(Beginning of Dataset excerpts)

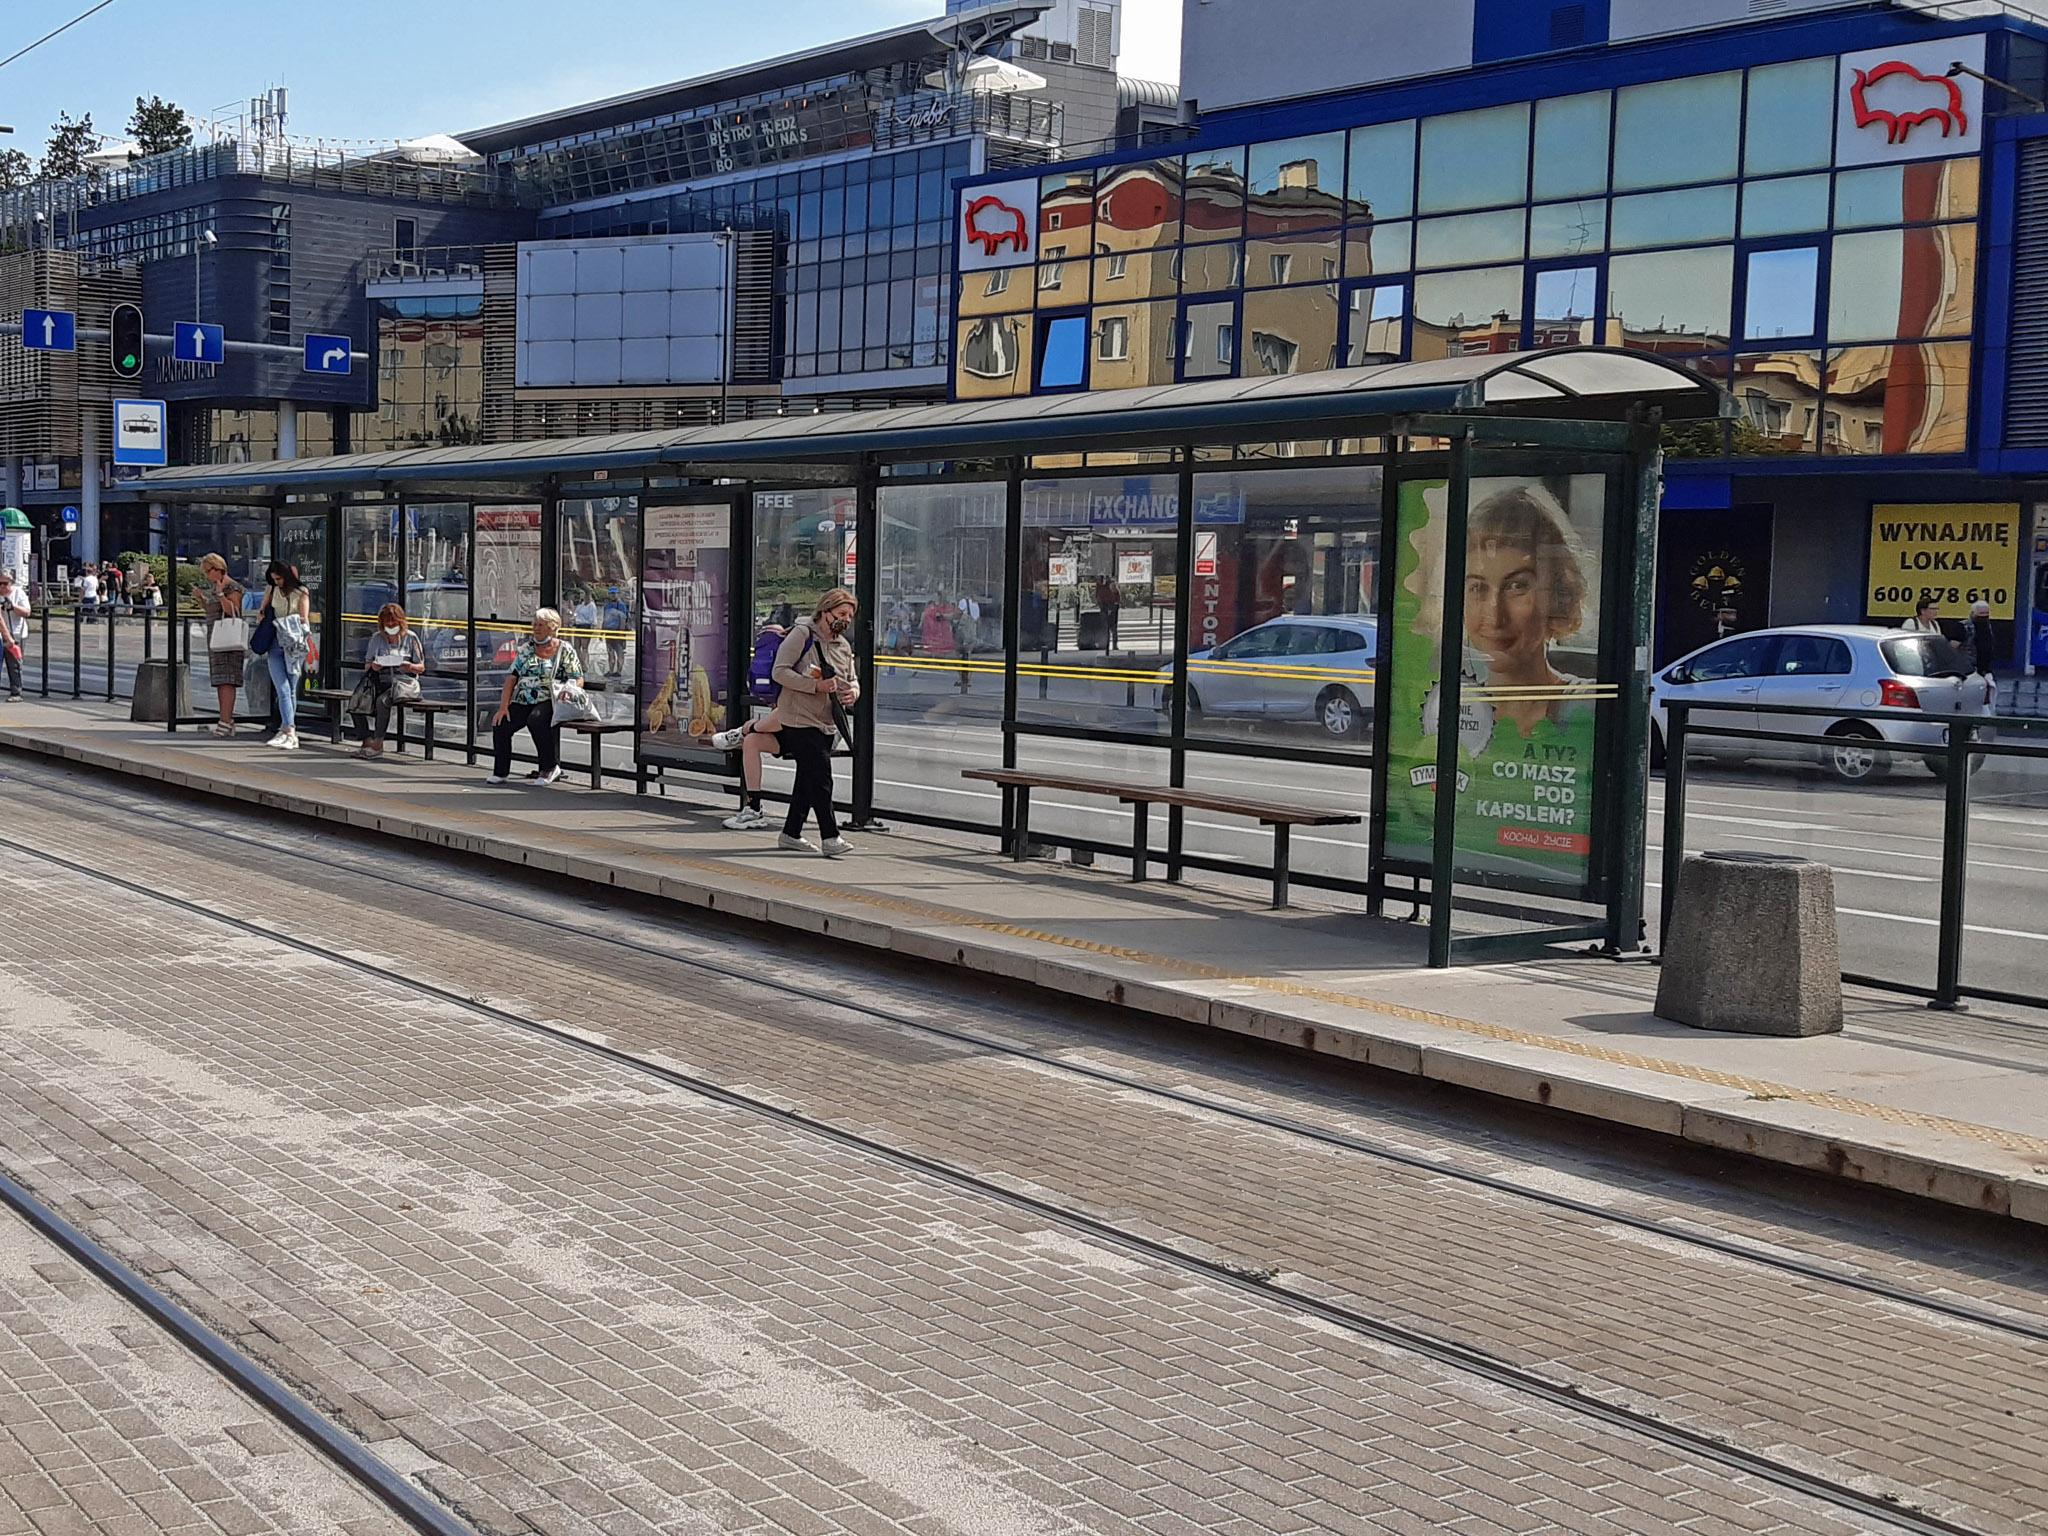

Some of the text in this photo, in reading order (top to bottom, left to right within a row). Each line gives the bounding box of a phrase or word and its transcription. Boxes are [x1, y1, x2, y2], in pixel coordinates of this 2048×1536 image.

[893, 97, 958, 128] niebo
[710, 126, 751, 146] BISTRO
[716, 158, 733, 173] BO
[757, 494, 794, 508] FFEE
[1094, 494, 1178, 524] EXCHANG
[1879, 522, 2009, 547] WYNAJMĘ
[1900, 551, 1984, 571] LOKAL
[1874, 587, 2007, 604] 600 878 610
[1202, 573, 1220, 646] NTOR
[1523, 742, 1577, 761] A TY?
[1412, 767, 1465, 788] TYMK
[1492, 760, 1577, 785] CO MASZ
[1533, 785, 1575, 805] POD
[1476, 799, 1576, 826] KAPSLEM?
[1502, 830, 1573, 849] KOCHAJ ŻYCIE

(End of Dataset excerpts)

* [Exercise description]
Please print all the lines above exactly as given and leave out every picture.

* [Written answer]
Some of the text in this photo, in reading order (top to bottom, left to right within a row). Each line gives the bounding box of a phrase or word and its transcription. Boxes are [x1, y1, x2, y2], in pixel coordinates of this 2048×1536 image.

[893, 97, 958, 128] niebo
[710, 126, 751, 146] BISTRO
[716, 158, 733, 173] BO
[757, 494, 794, 508] FFEE
[1094, 494, 1178, 524] EXCHANG
[1879, 522, 2009, 547] WYNAJMĘ
[1900, 551, 1984, 571] LOKAL
[1874, 587, 2007, 604] 600 878 610
[1202, 573, 1220, 646] NTOR
[1523, 742, 1577, 761] A TY?
[1412, 767, 1465, 788] TYMK
[1492, 760, 1577, 785] CO MASZ
[1533, 785, 1575, 805] POD
[1476, 799, 1576, 826] KAPSLEM?
[1502, 830, 1573, 849] KOCHAJ ŻYCIE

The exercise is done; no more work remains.